What makes JNI calls slow?

I know that 'crossing boundaries' when making a JNI call in Java is slow.

However I want to know what is it that makes it slow? What does the underlying jvm implementation do when making a JNI call that makes it so slow?

 

First, it's worth noting that by "slow," we're talking about something that can take tens of nanoseconds. For trivial native methods, in 2010 I measured calls at an average 40 ns on my Windows desktop, and 11 ns on my Mac desktop. Unless you're making many calls, you're not going to notice.

That said, calling a native method can be slower than making a normal Java method call.

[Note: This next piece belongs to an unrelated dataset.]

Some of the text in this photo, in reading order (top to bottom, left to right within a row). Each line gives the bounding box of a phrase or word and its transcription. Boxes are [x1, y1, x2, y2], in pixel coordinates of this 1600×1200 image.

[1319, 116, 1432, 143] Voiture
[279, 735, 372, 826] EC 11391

Causes include:

  • Native methods will not be inlined by the JVM. Nor will they be just-in-time compiled for this specific machine -- they're already compiled.
  • A Java array may be copied for access in native code, and later copied back. The cost can be linear in the size of the array. I measured JNI copying of a 100,000 array to average about 75 microseconds on my Windows desktop, and 82 microseconds on Mac. Fortunately, direct access may be obtained via GetPrimitiveArrayCritical or NewDirectByteBuffer.
  • If the method is passed an object, or needs to make a callback, then the native method will likely be making its own calls to the JVM. Accessing Java fields, methods and types from the native code requires something similar to reflection. Signatures are specified in strings and queried from the JVM. This is both slow and error-prone.
  • Java Strings are objects, have length and are encoded. Accessing or creating a string may require an O(n) copy.

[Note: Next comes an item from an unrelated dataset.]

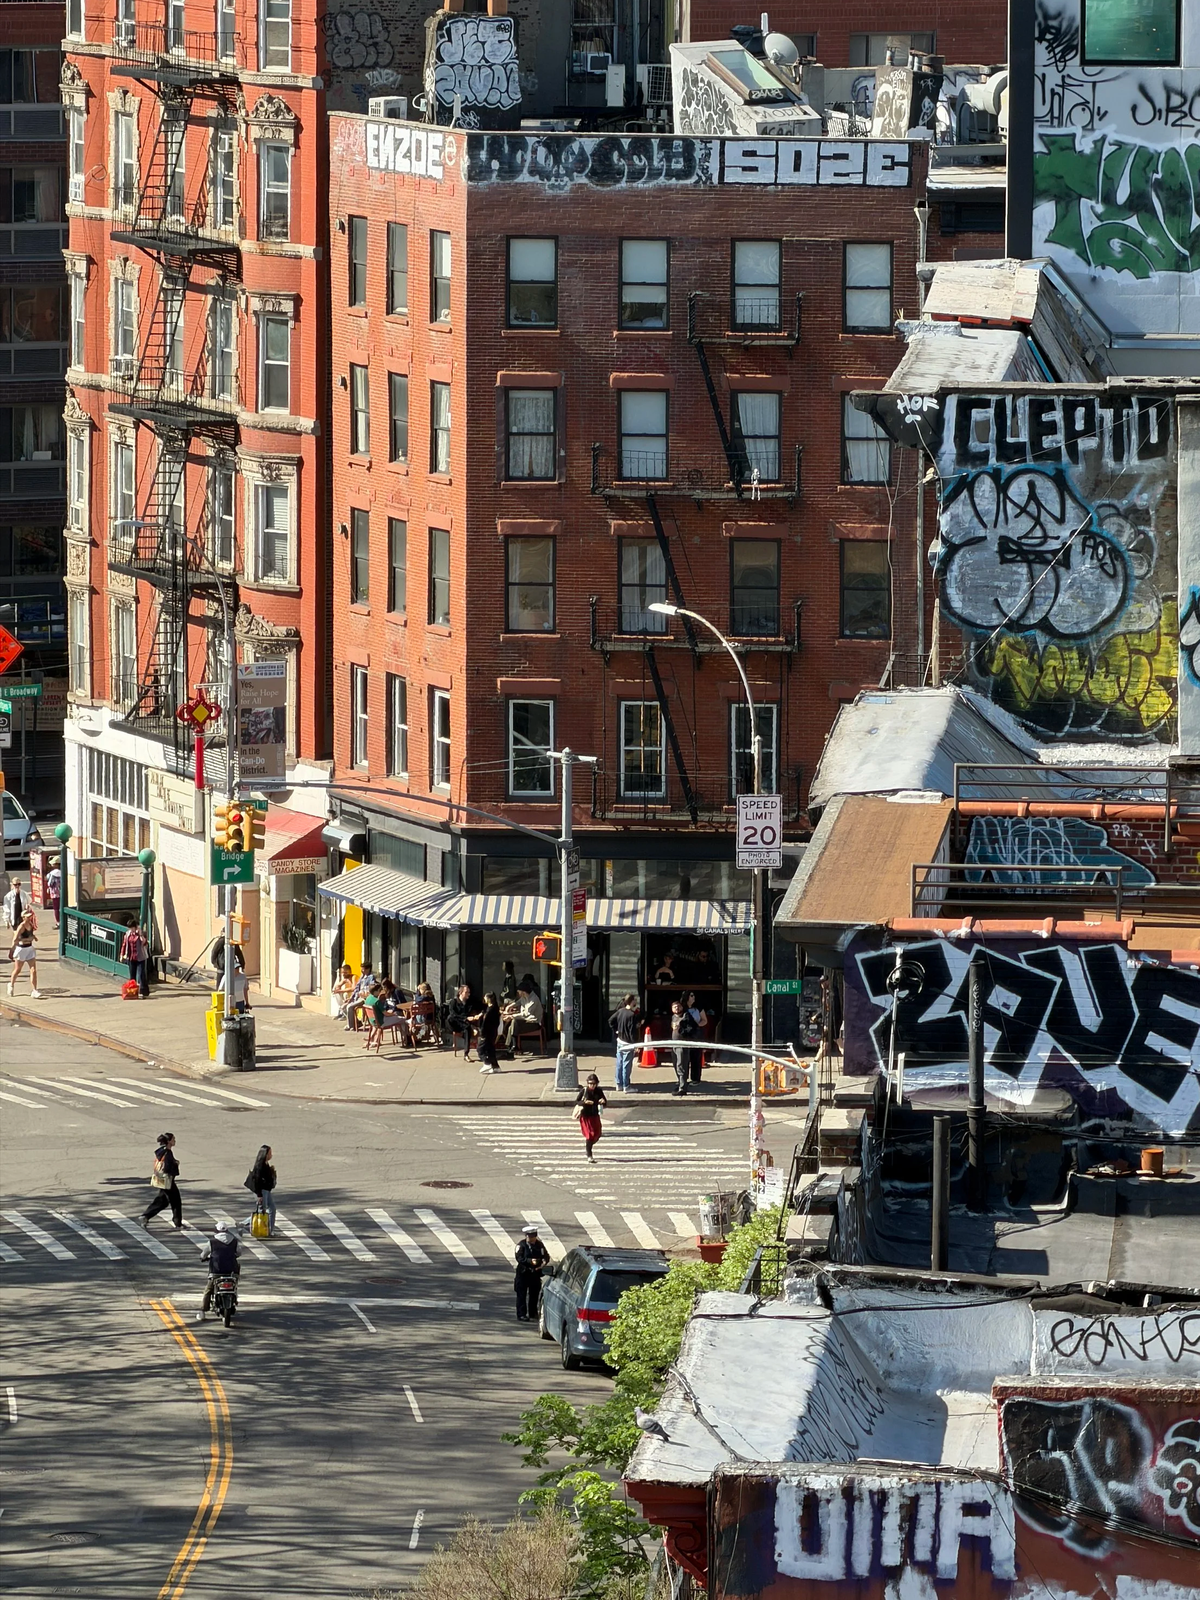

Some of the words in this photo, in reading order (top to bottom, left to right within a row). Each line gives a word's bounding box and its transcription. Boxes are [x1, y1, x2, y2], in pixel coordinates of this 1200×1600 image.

Some additional discussion, possibly dated, can be found in "Java¿ Platform Performance: Strategies and Tactics", 2000, by Steve Wilson and Jeff Kesselman, in section "9.2: Examining JNI costs". It's about a third of the way down this page, provided in the comment by @Philip below.

The 2009 IBM developerWorks paper "Best practices for using the Java Native Interface" provides some suggestions on avoiding performance pitfalls with JNI.